My problem is that I use this tick Funktion.

Any reason why you don't want to do the cast? For example, declare your function as

unsigned mytick(void) {
}

or when you use it:

unsigned t = (unsigned) mytick();

I did not figure it out how that F_INIT works. Can you explain that a little bit?

Which part you don't understand? How it works or how to use it?

wonder-mice commented 7 years ago

I'll think about ZF_LOG_CONFIG, but still not convinced, since compilers usually have -include option that already does exactly the same thing.

mgiaco commented 7 years ago

Hi,

Ah okay the cast is okay.

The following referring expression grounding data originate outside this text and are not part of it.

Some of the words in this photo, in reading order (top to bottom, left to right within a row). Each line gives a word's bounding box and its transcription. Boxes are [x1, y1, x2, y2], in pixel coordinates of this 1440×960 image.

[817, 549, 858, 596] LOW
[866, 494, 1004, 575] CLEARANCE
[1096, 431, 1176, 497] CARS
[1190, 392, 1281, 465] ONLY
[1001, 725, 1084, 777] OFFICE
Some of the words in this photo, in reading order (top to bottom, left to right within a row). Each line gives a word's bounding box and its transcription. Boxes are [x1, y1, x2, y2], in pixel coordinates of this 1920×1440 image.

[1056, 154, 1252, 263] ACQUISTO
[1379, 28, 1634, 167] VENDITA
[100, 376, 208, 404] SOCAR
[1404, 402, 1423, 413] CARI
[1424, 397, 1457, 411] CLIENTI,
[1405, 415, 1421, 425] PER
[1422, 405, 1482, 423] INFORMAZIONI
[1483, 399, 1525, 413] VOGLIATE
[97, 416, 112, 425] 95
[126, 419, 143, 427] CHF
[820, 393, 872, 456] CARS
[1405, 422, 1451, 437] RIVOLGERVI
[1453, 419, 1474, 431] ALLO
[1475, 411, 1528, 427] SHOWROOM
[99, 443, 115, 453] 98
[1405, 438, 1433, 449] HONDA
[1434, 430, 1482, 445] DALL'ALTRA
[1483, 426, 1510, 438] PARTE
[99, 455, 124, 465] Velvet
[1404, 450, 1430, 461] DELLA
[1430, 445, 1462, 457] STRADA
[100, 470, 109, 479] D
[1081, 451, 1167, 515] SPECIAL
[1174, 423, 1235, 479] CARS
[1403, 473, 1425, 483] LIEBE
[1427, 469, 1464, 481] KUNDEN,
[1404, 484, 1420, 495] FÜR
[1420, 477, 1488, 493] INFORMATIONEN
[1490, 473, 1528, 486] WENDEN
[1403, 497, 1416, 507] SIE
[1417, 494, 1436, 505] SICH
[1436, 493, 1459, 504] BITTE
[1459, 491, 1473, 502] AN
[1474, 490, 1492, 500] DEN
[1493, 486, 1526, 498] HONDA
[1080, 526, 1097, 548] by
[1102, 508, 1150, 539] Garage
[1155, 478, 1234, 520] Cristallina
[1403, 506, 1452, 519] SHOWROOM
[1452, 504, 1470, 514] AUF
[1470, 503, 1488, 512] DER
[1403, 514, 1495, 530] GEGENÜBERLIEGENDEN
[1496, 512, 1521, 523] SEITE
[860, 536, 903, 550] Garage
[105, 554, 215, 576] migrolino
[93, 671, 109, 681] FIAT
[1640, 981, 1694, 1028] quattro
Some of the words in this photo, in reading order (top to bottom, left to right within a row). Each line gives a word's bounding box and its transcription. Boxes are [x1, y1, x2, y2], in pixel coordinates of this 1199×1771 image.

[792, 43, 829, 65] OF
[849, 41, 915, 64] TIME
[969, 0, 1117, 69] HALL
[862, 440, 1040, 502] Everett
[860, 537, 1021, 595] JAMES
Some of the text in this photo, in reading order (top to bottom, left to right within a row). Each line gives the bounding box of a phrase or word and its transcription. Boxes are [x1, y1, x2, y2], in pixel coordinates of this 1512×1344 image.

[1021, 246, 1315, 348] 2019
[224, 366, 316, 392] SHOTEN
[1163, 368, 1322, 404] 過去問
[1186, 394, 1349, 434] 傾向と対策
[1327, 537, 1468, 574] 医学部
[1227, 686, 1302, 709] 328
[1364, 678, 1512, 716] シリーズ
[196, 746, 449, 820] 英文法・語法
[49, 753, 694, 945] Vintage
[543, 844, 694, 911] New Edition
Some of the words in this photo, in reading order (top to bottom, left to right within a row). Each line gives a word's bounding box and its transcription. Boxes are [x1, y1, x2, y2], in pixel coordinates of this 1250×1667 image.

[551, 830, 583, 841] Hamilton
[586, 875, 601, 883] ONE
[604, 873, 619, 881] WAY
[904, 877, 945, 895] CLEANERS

I do not understand this two defines

#define F_INIT(statements) F_INIT(statements) 
#define F_UINT(width, value) F_UINT(width, value)

I do not find any replacement for F_UINT and F_INIT :-) Is this some magic?

ZF_LOG_CONFIG: But if you work with some IDE like Keil ARM or so then it is really not that easy to add such special thinks like -include. Also it is not transparent for others if there is some big define anywhere in the compiler settings... because on IDE´s the -D stuff is mostly anywhere in some IDE windows.

wonder-mice commented 7 years ago

I do not find any replacement for F_UINT and F_INIT :-) Is this some magic?

A bit of a magic, yes. Though it explained in the comment:

/* Fields that can be used in log message format specifications (see above).
 * Mentioning them here explicitly, so we know that nobody else defined them
 * before us. See ZF_LOG_MESSAGE_CTX_FORMAT for details.
 */

The key part is Mentioning them here explicitly, so we know that nobody else defined them before us.. So it's just a way to generate a compiler error if one of these macros was defined before.

If you want to understand how it works, look at this line:

#define _ZF_LOG_MESSAGE_FORMAT_INIT__F_INIT(expr) _PP_UNTUPLE(expr);

And also find places where _ZF_LOG_MESSAGE_FORMAT_INIT macro is used, like this:

_PP_MAP(_ZF_LOG_MESSAGE_FORMAT_INIT, ZF_LOG_MESSAGE_TAG_FORMAT)

It basically goes through items in ZF_LOG_MESSAGE_TAG_FORMAT and applies _ZF_LOG_MESSAGE_FORMAT_INIT to each. And _ZF_LOG_MESSAGE_FORMAT_INIT is implemented as:

#define _ZF_LOG_MESSAGE_FORMAT_INIT(field) \
    _PP_CONCAT_3(_ZF_LOG_MESSAGE_FORMAT_INIT_, _, field)

So it will concat "_ZF_LOG_MESSAGE_FORMATINIT", "_" and field, which (in case you interested in) is F_INIT((<something>)). F_INIT expands to itself by default, but after concatenation it produces _ZF_LOG_MESSAGE_FORMAT_INIT__F_INIT((<something>)) which expands to _PP_UNTUPLE((<something>)) which expands to just <something>.

So, basically, this:

_PP_MAP(_ZF_LOG_MESSAGE_FORMAT_INIT, ZF_LOG_MESSAGE_TAG_FORMAT)

Just extracts all contents of F_INIT fields from ZF_LOG_MESSAGE_TAG_FORMAT and filters out everything else.

mgiaco commented 6 years ago

Hi, any news here for this suggestion?

#ifdef ZF_LOG_CONFIG
#include "zf_log_config.h"
#endif

The -include dose not work for embedded targets for me. I tried this in cmake

add_definitions(-include "zf_log_cofig.h")  

the problem is then the linke use that define for every file and that brings compiler errors. So please add this. With the change I can add

add_definitions(-DZF_LOG_CONFIG)

and then I can use the header for my configs. That works perfect also on some special compilers like keil arm.